Freedom Triumphs and Romania Goes Pro-Choice

COMMENTARY

January 17, 1990

IT should have been a glorious day for the American right when the new government took power in Romania a few weeks ago. Another communist tyrant had been overthrown. Capitalism had triumphed again. And what was one of the first things the new Romanian government did?

It legalized abortion.

The American right was expecting hosannas to Adam Smith. Instead, they got Gloria Steinem.

This says a great deal about what freedom means to people who have lived under dictators. It also helps to focus the abortion debate in the United States.

Nicholae Ceausescu, Romania's late dictator, treated women like sows; his aim was to increase the size of their litters. The abortion ban was just the beginning. Women who had not borne children by age 24 were taxed, even if they were single. Contraceptives of any kind were outlawed. Inspectors in offices and factories checked on pregnant women to make sure they weren't trying to induce abortion or miscarriage.

It would be stretching things to suggest that measures like these lie ahead if the US Supreme Court overturns the Roe v. Wade decision establishing women's freedom in regard to abortion. But some offshoots of Ceausescu's population policies should well give the US pause. Children were abandoned in the streets. Orphanages were bursting. An official at Bucharest Municipal Hospital estimated that well over a thousand women died each year trying to end pregnancies in that city alone.

The abortion issue is so intractable in the US largely because the two sides can't even agree on what they are fighting about. To one side it's a matter of freedom and choice. To the other, it's a matter of murder and life. Both sides have a point

But there's great confusion over how those points fit into the political scheme of things. Generally, the press portrays anti-abortion activists as ``conservatives.'' But that isn't really true. The political right isn't against government. Rather, it wants the government to do different things than liberals want it to do. Put briefly, the left wants to regulate things pertaining to money, while the right wants to regulate the body. The left wants to control such things as oil prices. The right wants to control conception and birth.

The underlying offenses are greed and lust. According to traditional teachings, both are sins and equally so. Each political camp attacks with great righteousness the sin the other side prefers (openly, at least). Each invokes its own secular saint - Adam Smith and Sigmund Freud respectively - to excuse its own indulgence.

Given the legitimate concerns on both sides, the tough questions come in translating the predilections into state authority.

Much economic regulation is either unnoticed or received gladly. Millions of Americans use publicly owned power and transportation without feeling that their freedom is in danger.
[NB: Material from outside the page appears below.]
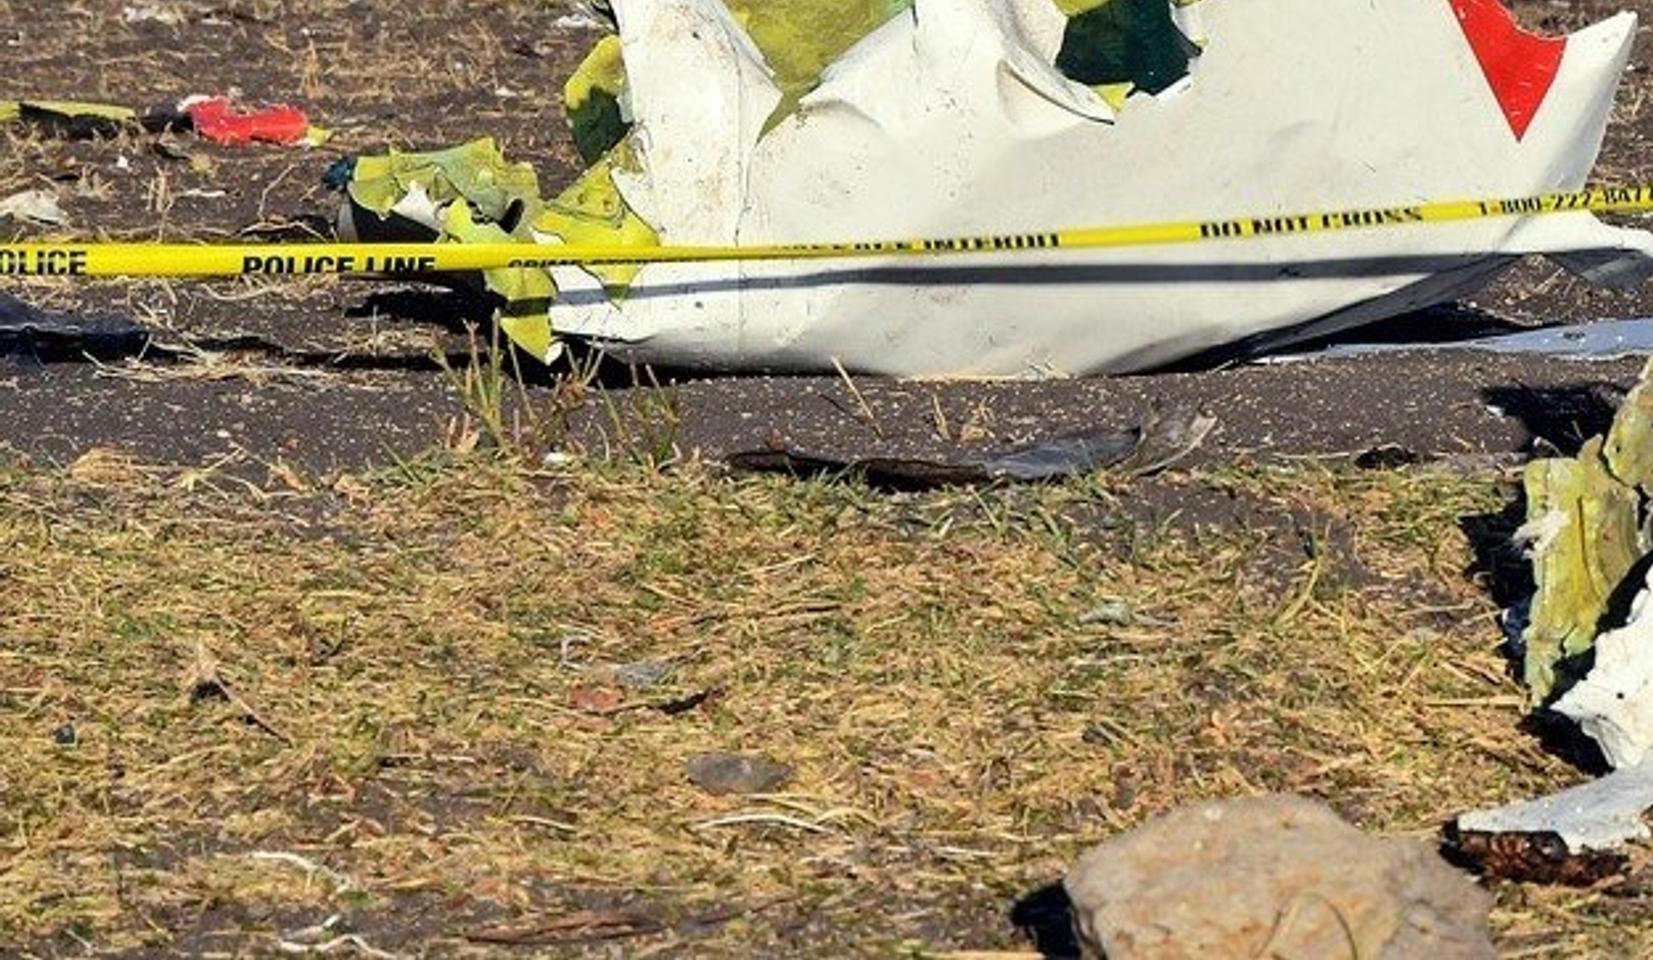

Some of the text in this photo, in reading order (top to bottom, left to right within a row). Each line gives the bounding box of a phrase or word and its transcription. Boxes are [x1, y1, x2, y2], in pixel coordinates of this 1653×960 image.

They are happy the law requires manufacturers to live up to their warranties. Do right-wingers refuse to buy stock because the stock market is regulated by the Securities and Exchange Commission?

When government regulates the body, by contrast, the heavy hand hits close to home. The Romanians can attest to that. It is no accident that the bodies in question here are women's, nor that countries that currently restrict abortion tend to be ones where such matters are decided by arbitrary, usually male, decree. The Islamic countries, for example. Romania under Ceausescu.

Nor is it an accident that the business realm, which conservatives hold off-limits to regulation, is dominated by males.

None of this negates the concerns of anti-abortion activists, but it gives the issue a different focus. Enlisting the arm of the state to impose their views on everyone would put the US in company that most Americans would not like to join. ``The nightmarish logical conclusion to what the right-to-lifers are pushing for,'' is how one Capitol Hill staff person described the Ceausescu reign.

If the US bans abortion, will the torch of liberty burn brighter here for women in Romania? That's not the only question. But certainly, it's a relevant one.